Department of Clinical Medicine - Dermatology, Universidade Federal Fluminense, Brazil.
Department of Pathology, Universidade Federal Fluminense, Brazil.
Photodiagnosis Photodyn Ther. 2021 Sep;35:102404. doi: 10.1016/j.pdpdt.2021.102404. Epub 2021 Jun 13.
Daylight photodynamic therapy (DL-PDT) has similar efficacy to conventional photodynamic therapy in treating actinic keratosis (AKs). Good clinical outcomes have been reported when associated with physical methods such as microneedles, but a comparison of different methods and histologic studies is lacking.
To evaluate clinical and histologic modifications induced by standard DL-PDT and compare with DL-PDT associated with physical methods in treating skin field cancerization of the face.
Forty patients with photodamaged skin and at least one AK lesion on the face were randomly distributed into four groups, ten patients in each (I: Standard DL-PDT; II: DL-PDT + microneedles; III: DL-PDT + CO2 laser; IV: DL-PDT + microdermabrasion) and underwent two DL-PDT sessions with methyl aminolevulinate cream and 2-hour daylight exposure. Skin biopsies were performed on all patients before and 3 months after. All fragments were stained using the hematoxylin-eosin, orcein, and picrosirius.
All 40 patients completed the study. Group III had a higher AK-clearance after 1 (p = 0,002) and 3 (p = 0,034) months, but it was similar in every group at 6 months (p = 0,441). Group III and IV had better clinical global improvement on texture, pigmentation and fine lines. In the groups associated with physical methods, the improvement of the keratinocytes' atypia and solar elastosis were remarkable.
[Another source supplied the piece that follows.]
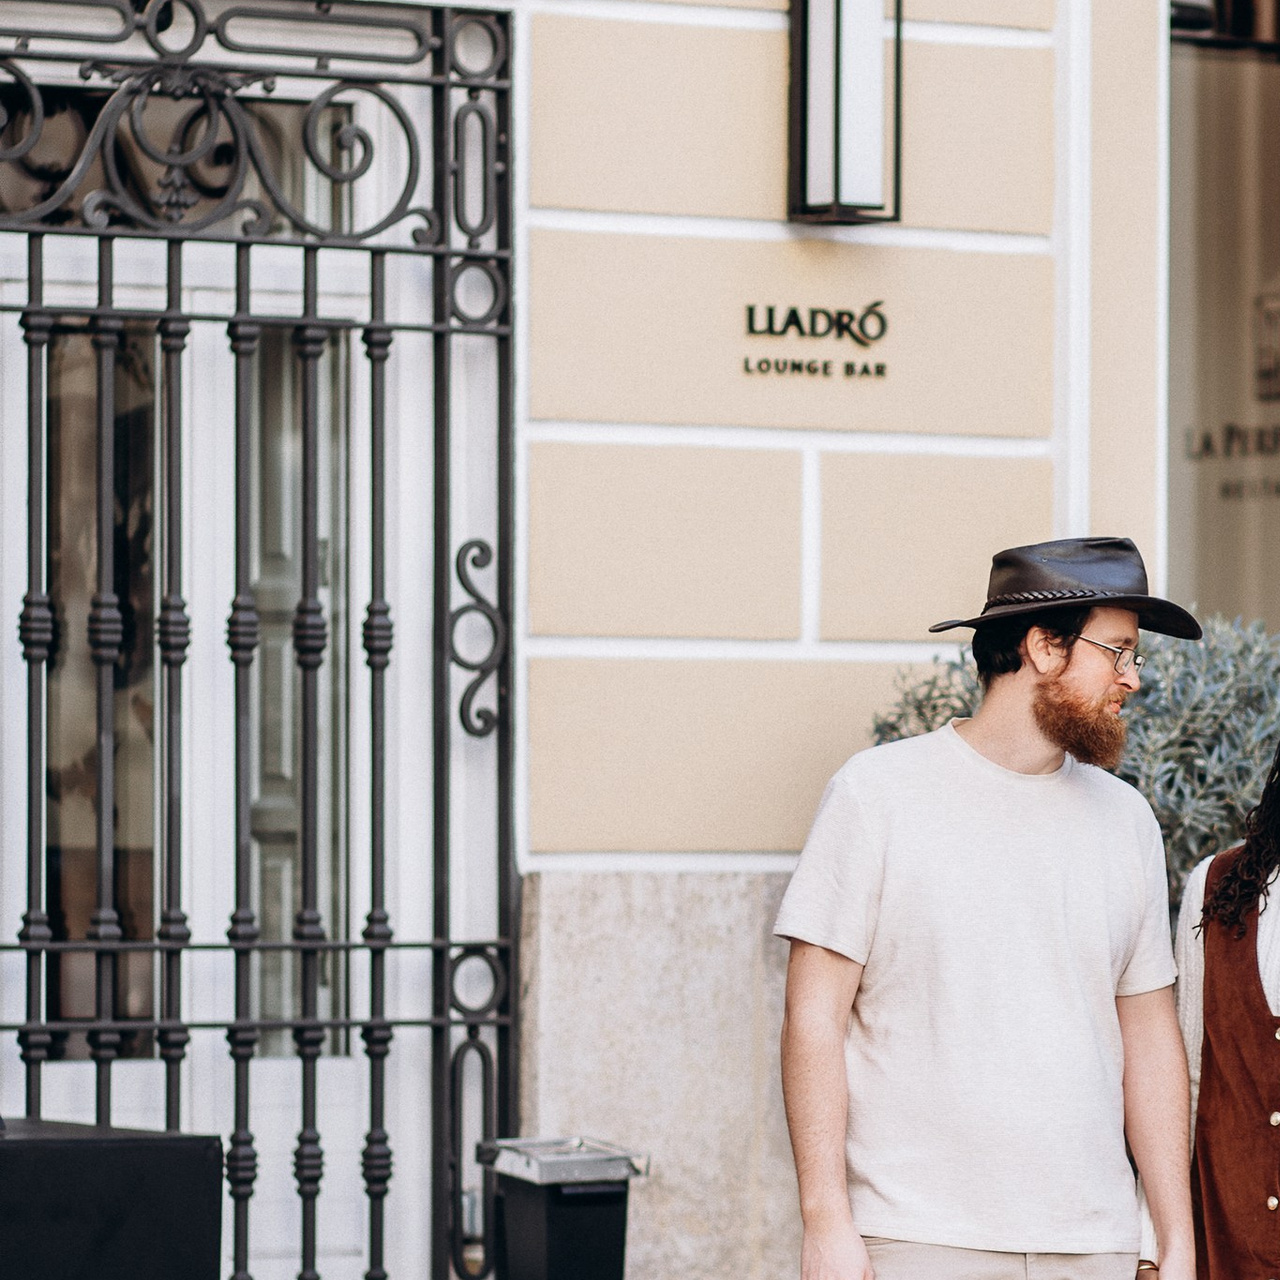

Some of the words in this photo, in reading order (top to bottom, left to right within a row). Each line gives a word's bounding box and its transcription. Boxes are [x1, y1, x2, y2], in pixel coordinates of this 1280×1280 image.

Only group III showed a significant reduction in solar elastosis (p = 0.034) and increased collagen type I (p = 0.028) after treatment.
DL-PDT-associated with physical methods had better clinical and histologic results. AK-clearance were significantly higher after 1 and 3 months with pretreatment-CO2 laser. Photorejuvenation were more evident with pretreatment-CO2 laser and microdermabrasion. Pretreatment-CO2 laser showed a significant reduction in solar elastosis and increase of collagen type 1. These results pointed to the pretreatment with laser as a potentially better option for skin field cancerization of the face.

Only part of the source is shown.